===== Record set =====
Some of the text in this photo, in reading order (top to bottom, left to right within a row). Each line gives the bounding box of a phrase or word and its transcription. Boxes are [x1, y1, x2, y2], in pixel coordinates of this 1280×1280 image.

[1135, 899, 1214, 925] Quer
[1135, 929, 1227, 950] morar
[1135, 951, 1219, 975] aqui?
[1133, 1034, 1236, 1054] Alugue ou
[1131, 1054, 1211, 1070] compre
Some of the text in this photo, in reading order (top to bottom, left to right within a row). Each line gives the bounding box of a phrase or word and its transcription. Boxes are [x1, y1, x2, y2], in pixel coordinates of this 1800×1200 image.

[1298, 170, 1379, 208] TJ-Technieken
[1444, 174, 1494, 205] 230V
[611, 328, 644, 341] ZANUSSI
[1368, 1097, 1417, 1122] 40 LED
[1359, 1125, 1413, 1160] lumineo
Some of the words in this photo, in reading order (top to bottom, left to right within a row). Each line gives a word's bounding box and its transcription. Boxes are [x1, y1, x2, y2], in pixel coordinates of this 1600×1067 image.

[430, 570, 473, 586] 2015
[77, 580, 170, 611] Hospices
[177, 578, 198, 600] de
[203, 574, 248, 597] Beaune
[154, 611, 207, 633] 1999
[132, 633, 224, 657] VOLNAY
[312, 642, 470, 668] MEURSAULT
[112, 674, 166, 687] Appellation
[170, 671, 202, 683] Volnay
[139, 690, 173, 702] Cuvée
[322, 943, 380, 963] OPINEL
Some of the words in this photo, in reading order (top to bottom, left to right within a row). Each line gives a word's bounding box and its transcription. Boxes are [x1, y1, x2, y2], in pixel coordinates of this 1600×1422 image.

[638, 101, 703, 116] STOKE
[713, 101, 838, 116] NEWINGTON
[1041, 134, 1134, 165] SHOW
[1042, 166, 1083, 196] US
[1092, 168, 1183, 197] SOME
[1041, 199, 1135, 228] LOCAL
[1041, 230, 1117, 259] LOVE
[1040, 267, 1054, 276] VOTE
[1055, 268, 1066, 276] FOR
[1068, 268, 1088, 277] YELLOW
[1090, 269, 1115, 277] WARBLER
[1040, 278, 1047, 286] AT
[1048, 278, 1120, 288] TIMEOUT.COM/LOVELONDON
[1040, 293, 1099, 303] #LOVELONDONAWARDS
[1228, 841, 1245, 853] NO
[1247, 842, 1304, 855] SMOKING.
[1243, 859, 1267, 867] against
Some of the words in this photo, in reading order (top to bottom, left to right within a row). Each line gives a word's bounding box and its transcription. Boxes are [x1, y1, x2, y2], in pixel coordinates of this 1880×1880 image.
=====
• Your goal:
Each entry is to be output exactly as it was written.

• Exercise result:
Some of the text in this photo, in reading order (top to bottom, left to right within a row). Each line gives the bounding box of a phrase or word and its transcription. Boxes are [x1, y1, x2, y2], in pixel coordinates of this 1280×1280 image.

[1135, 899, 1214, 925] Quer
[1135, 929, 1227, 950] morar
[1135, 951, 1219, 975] aqui?
[1133, 1034, 1236, 1054] Alugue ou
[1131, 1054, 1211, 1070] compre
Some of the text in this photo, in reading order (top to bottom, left to right within a row). Each line gives the bounding box of a phrase or word and its transcription. Boxes are [x1, y1, x2, y2], in pixel coordinates of this 1800×1200 image.

[1298, 170, 1379, 208] TJ-Technieken
[1444, 174, 1494, 205] 230V
[611, 328, 644, 341] ZANUSSI
[1368, 1097, 1417, 1122] 40 LED
[1359, 1125, 1413, 1160] lumineo
Some of the words in this photo, in reading order (top to bottom, left to right within a row). Each line gives a word's bounding box and its transcription. Boxes are [x1, y1, x2, y2], in pixel coordinates of this 1600×1067 image.

[430, 570, 473, 586] 2015
[77, 580, 170, 611] Hospices
[177, 578, 198, 600] de
[203, 574, 248, 597] Beaune
[154, 611, 207, 633] 1999
[132, 633, 224, 657] VOLNAY
[312, 642, 470, 668] MEURSAULT
[112, 674, 166, 687] Appellation
[170, 671, 202, 683] Volnay
[139, 690, 173, 702] Cuvée
[322, 943, 380, 963] OPINEL
Some of the words in this photo, in reading order (top to bottom, left to right within a row). Each line gives a word's bounding box and its transcription. Boxes are [x1, y1, x2, y2], in pixel coordinates of this 1600×1422 image.

[638, 101, 703, 116] STOKE
[713, 101, 838, 116] NEWINGTON
[1041, 134, 1134, 165] SHOW
[1042, 166, 1083, 196] US
[1092, 168, 1183, 197] SOME
[1041, 199, 1135, 228] LOCAL
[1041, 230, 1117, 259] LOVE
[1040, 267, 1054, 276] VOTE
[1055, 268, 1066, 276] FOR
[1068, 268, 1088, 277] YELLOW
[1090, 269, 1115, 277] WARBLER
[1040, 278, 1047, 286] AT
[1048, 278, 1120, 288] TIMEOUT.COM/LOVELONDON
[1040, 293, 1099, 303] #LOVELONDONAWARDS
[1228, 841, 1245, 853] NO
[1247, 842, 1304, 855] SMOKING.
[1243, 859, 1267, 867] against
Some of the words in this photo, in reading order (top to bottom, left to right within a row). Each line gives a word's bounding box and its transcription. Boxes are [x1, y1, x2, y2], in pixel coordinates of this 1880×1880 image.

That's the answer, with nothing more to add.